How to complete this task:
Produce a faithful copy of every record below, without the pictures.

Data excerpts:
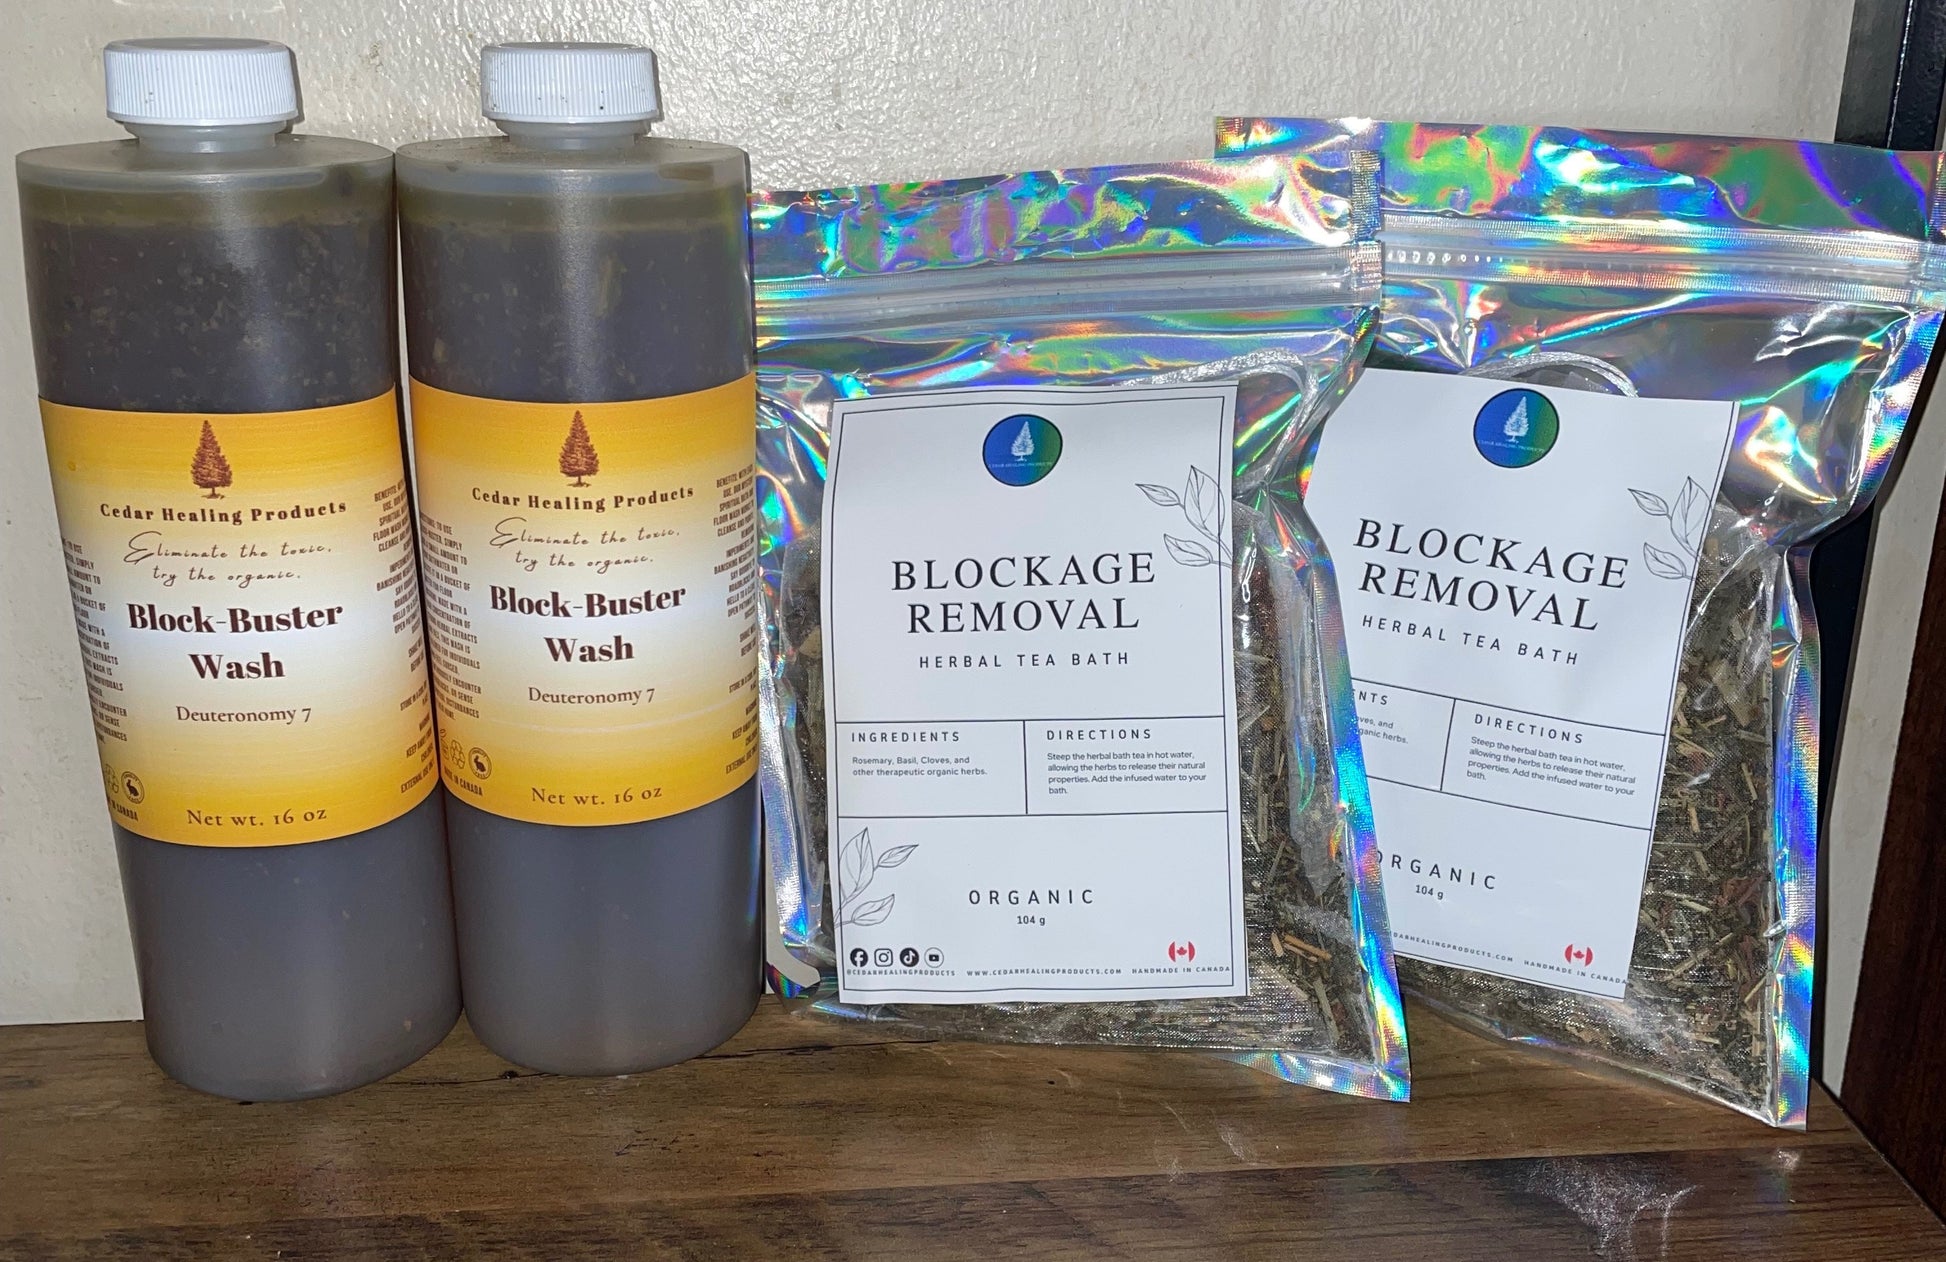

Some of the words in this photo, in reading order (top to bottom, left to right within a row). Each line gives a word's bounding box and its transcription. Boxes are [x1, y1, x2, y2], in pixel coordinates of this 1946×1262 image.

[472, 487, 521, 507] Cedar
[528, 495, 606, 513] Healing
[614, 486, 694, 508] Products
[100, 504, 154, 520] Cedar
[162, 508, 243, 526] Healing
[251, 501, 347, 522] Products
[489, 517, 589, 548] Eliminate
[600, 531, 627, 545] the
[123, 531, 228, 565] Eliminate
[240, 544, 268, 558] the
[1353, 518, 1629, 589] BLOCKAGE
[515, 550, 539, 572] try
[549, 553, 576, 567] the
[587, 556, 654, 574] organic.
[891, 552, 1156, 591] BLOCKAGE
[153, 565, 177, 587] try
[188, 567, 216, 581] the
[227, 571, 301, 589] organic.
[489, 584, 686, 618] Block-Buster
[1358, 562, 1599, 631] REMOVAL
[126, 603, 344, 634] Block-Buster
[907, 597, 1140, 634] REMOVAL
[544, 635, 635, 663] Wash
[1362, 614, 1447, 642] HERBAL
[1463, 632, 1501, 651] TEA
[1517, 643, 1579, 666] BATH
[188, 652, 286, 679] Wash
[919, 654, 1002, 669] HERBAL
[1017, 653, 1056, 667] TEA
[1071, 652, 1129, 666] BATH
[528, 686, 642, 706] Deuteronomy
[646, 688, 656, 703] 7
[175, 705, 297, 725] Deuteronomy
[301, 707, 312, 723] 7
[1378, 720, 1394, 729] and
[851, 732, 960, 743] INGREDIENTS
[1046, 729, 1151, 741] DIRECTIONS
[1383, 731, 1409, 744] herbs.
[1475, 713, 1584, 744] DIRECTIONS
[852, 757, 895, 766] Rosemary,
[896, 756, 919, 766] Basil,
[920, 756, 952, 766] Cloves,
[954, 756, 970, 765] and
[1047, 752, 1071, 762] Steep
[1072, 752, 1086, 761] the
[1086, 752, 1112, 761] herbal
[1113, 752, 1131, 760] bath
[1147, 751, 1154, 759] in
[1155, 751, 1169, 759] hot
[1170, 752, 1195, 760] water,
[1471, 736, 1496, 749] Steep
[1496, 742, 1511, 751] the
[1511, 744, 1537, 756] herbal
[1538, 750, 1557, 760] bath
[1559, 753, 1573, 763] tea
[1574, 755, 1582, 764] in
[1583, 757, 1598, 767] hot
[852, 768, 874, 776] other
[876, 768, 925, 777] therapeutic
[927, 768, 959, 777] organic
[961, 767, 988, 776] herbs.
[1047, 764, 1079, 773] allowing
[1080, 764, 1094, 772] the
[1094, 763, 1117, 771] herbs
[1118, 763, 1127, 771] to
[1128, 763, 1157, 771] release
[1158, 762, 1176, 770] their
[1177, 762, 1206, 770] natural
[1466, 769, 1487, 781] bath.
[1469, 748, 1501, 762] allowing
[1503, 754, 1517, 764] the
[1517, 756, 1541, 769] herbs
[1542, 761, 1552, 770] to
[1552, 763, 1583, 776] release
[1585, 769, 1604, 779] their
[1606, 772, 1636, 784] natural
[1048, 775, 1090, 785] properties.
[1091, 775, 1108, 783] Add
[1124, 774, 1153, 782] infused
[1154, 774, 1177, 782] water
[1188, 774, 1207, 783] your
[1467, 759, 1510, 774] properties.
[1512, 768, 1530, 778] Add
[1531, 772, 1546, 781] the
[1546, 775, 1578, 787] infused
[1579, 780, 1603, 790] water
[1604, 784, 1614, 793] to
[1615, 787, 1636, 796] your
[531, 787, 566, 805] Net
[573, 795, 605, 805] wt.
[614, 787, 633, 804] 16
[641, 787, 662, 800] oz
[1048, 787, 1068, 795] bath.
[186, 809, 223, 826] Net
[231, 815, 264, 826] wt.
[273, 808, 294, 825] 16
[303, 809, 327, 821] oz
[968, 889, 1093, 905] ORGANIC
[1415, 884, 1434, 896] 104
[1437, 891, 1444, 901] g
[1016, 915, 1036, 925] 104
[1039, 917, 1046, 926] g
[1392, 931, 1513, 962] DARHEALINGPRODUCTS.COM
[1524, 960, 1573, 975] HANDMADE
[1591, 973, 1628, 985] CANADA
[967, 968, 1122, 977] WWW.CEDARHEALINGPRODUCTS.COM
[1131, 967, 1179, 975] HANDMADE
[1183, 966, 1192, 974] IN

Solved exercise:
Some of the words in this photo, in reading order (top to bottom, left to right within a row). Each line gives a word's bounding box and its transcription. Boxes are [x1, y1, x2, y2], in pixel coordinates of this 1946×1262 image.

[472, 487, 521, 507] Cedar
[528, 495, 606, 513] Healing
[614, 486, 694, 508] Products
[100, 504, 154, 520] Cedar
[162, 508, 243, 526] Healing
[251, 501, 347, 522] Products
[489, 517, 589, 548] Eliminate
[600, 531, 627, 545] the
[123, 531, 228, 565] Eliminate
[240, 544, 268, 558] the
[1353, 518, 1629, 589] BLOCKAGE
[515, 550, 539, 572] try
[549, 553, 576, 567] the
[587, 556, 654, 574] organic.
[891, 552, 1156, 591] BLOCKAGE
[153, 565, 177, 587] try
[188, 567, 216, 581] the
[227, 571, 301, 589] organic.
[489, 584, 686, 618] Block-Buster
[1358, 562, 1599, 631] REMOVAL
[126, 603, 344, 634] Block-Buster
[907, 597, 1140, 634] REMOVAL
[544, 635, 635, 663] Wash
[1362, 614, 1447, 642] HERBAL
[1463, 632, 1501, 651] TEA
[1517, 643, 1579, 666] BATH
[188, 652, 286, 679] Wash
[919, 654, 1002, 669] HERBAL
[1017, 653, 1056, 667] TEA
[1071, 652, 1129, 666] BATH
[528, 686, 642, 706] Deuteronomy
[646, 688, 656, 703] 7
[175, 705, 297, 725] Deuteronomy
[301, 707, 312, 723] 7
[1378, 720, 1394, 729] and
[851, 732, 960, 743] INGREDIENTS
[1046, 729, 1151, 741] DIRECTIONS
[1383, 731, 1409, 744] herbs.
[1475, 713, 1584, 744] DIRECTIONS
[852, 757, 895, 766] Rosemary,
[896, 756, 919, 766] Basil,
[920, 756, 952, 766] Cloves,
[954, 756, 970, 765] and
[1047, 752, 1071, 762] Steep
[1072, 752, 1086, 761] the
[1086, 752, 1112, 761] herbal
[1113, 752, 1131, 760] bath
[1147, 751, 1154, 759] in
[1155, 751, 1169, 759] hot
[1170, 752, 1195, 760] water,
[1471, 736, 1496, 749] Steep
[1496, 742, 1511, 751] the
[1511, 744, 1537, 756] herbal
[1538, 750, 1557, 760] bath
[1559, 753, 1573, 763] tea
[1574, 755, 1582, 764] in
[1583, 757, 1598, 767] hot
[852, 768, 874, 776] other
[876, 768, 925, 777] therapeutic
[927, 768, 959, 777] organic
[961, 767, 988, 776] herbs.
[1047, 764, 1079, 773] allowing
[1080, 764, 1094, 772] the
[1094, 763, 1117, 771] herbs
[1118, 763, 1127, 771] to
[1128, 763, 1157, 771] release
[1158, 762, 1176, 770] their
[1177, 762, 1206, 770] natural
[1466, 769, 1487, 781] bath.
[1469, 748, 1501, 762] allowing
[1503, 754, 1517, 764] the
[1517, 756, 1541, 769] herbs
[1542, 761, 1552, 770] to
[1552, 763, 1583, 776] release
[1585, 769, 1604, 779] their
[1606, 772, 1636, 784] natural
[1048, 775, 1090, 785] properties.
[1091, 775, 1108, 783] Add
[1124, 774, 1153, 782] infused
[1154, 774, 1177, 782] water
[1188, 774, 1207, 783] your
[1467, 759, 1510, 774] properties.
[1512, 768, 1530, 778] Add
[1531, 772, 1546, 781] the
[1546, 775, 1578, 787] infused
[1579, 780, 1603, 790] water
[1604, 784, 1614, 793] to
[1615, 787, 1636, 796] your
[531, 787, 566, 805] Net
[573, 795, 605, 805] wt.
[614, 787, 633, 804] 16
[641, 787, 662, 800] oz
[1048, 787, 1068, 795] bath.
[186, 809, 223, 826] Net
[231, 815, 264, 826] wt.
[273, 808, 294, 825] 16
[303, 809, 327, 821] oz
[968, 889, 1093, 905] ORGANIC
[1415, 884, 1434, 896] 104
[1437, 891, 1444, 901] g
[1016, 915, 1036, 925] 104
[1039, 917, 1046, 926] g
[1392, 931, 1513, 962] DARHEALINGPRODUCTS.COM
[1524, 960, 1573, 975] HANDMADE
[1591, 973, 1628, 985] CANADA
[967, 968, 1122, 977] WWW.CEDARHEALINGPRODUCTS.COM
[1131, 967, 1179, 975] HANDMADE
[1183, 966, 1192, 974] IN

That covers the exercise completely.